At a glance
ClinicalIndex Comparison RecordStandardized by ClinicalIndex from the ClinicalTrials.gov record · verify against the source.
Outcomes in Children With Cochlear Implants and Pre-Operative Residual Hearing: Electric Only and Electric-Acoustic Stimulation
In Brief
A clinical study evaluating Electric Acoustic Speech Processor: Electric-acoustic stimulation fitting and Electric Acoustic Speech Processor: Full-electric stimulation fitting for High Frequency Sensorineural Hearing Impairment and Hearing Disorders in Children. Completed, enrolled 28 participants across 1 site.
Detailed Summary
Purpose: Routine clinical care and pilot study data has shown evidence of postoperative hearing preservation in pediatric cochlear implant (CI) recipients. The primary aim of this study is to investigate speech perception performance in pediatric CI recipients with functional pre-operative hearing. Participants: Two cohorts of CI recipients aged 6 through 17 years who had pre-operative low frequency residual hearing. Subjects in Arm 1 (EAS Arm; electric-acoustic stimulation) will present with a post-operative low frequency pure tone average (125, 250, and 500 Hz) of ≤ 75 dB HL, and those in Arm 2 (FES Arm; full-electric stimulation) will present with a post-operative low frequency pure tone average (LFPTA) that exceeds 75 dB HL. Procedures (methods): Subjects will complete speech perception and quality of life testing during post-operative intervals.
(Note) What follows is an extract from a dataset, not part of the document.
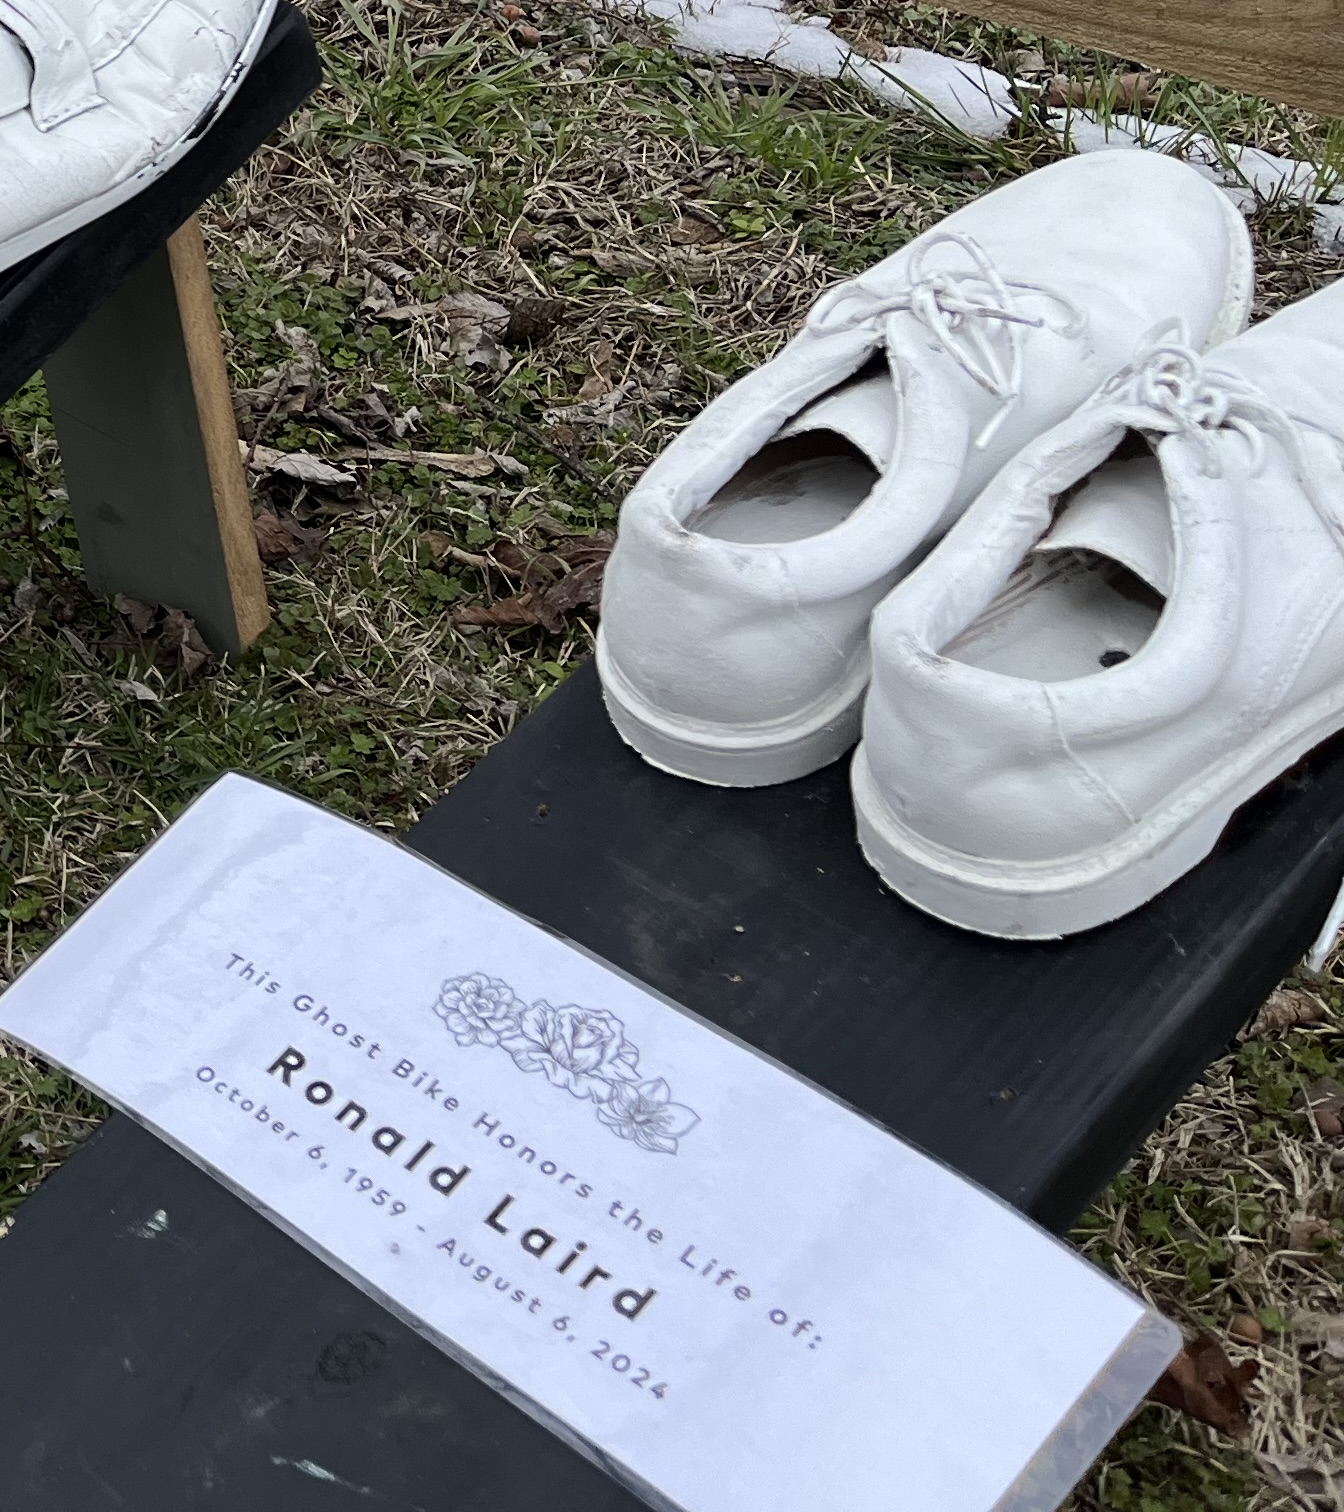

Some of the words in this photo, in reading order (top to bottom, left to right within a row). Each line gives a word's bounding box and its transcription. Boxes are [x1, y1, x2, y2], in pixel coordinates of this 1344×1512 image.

Subjects in the EAS Arm will be evaluated with combined electric-acoustic stimulation (EAS). Subjects in FES Arm will be evaluated with FES alone.
Study Details
Timeline
Interventions
Electric Acoustic Stimulation for children with post-operative residual low frequency hearing averages of 75 dB HL or better,
Electric Stimulation for children with post-operative residual low frequency hearing averages of 75 dB HL or poorer and pre-operative low frequency hearing averages of 75 dB HL or better.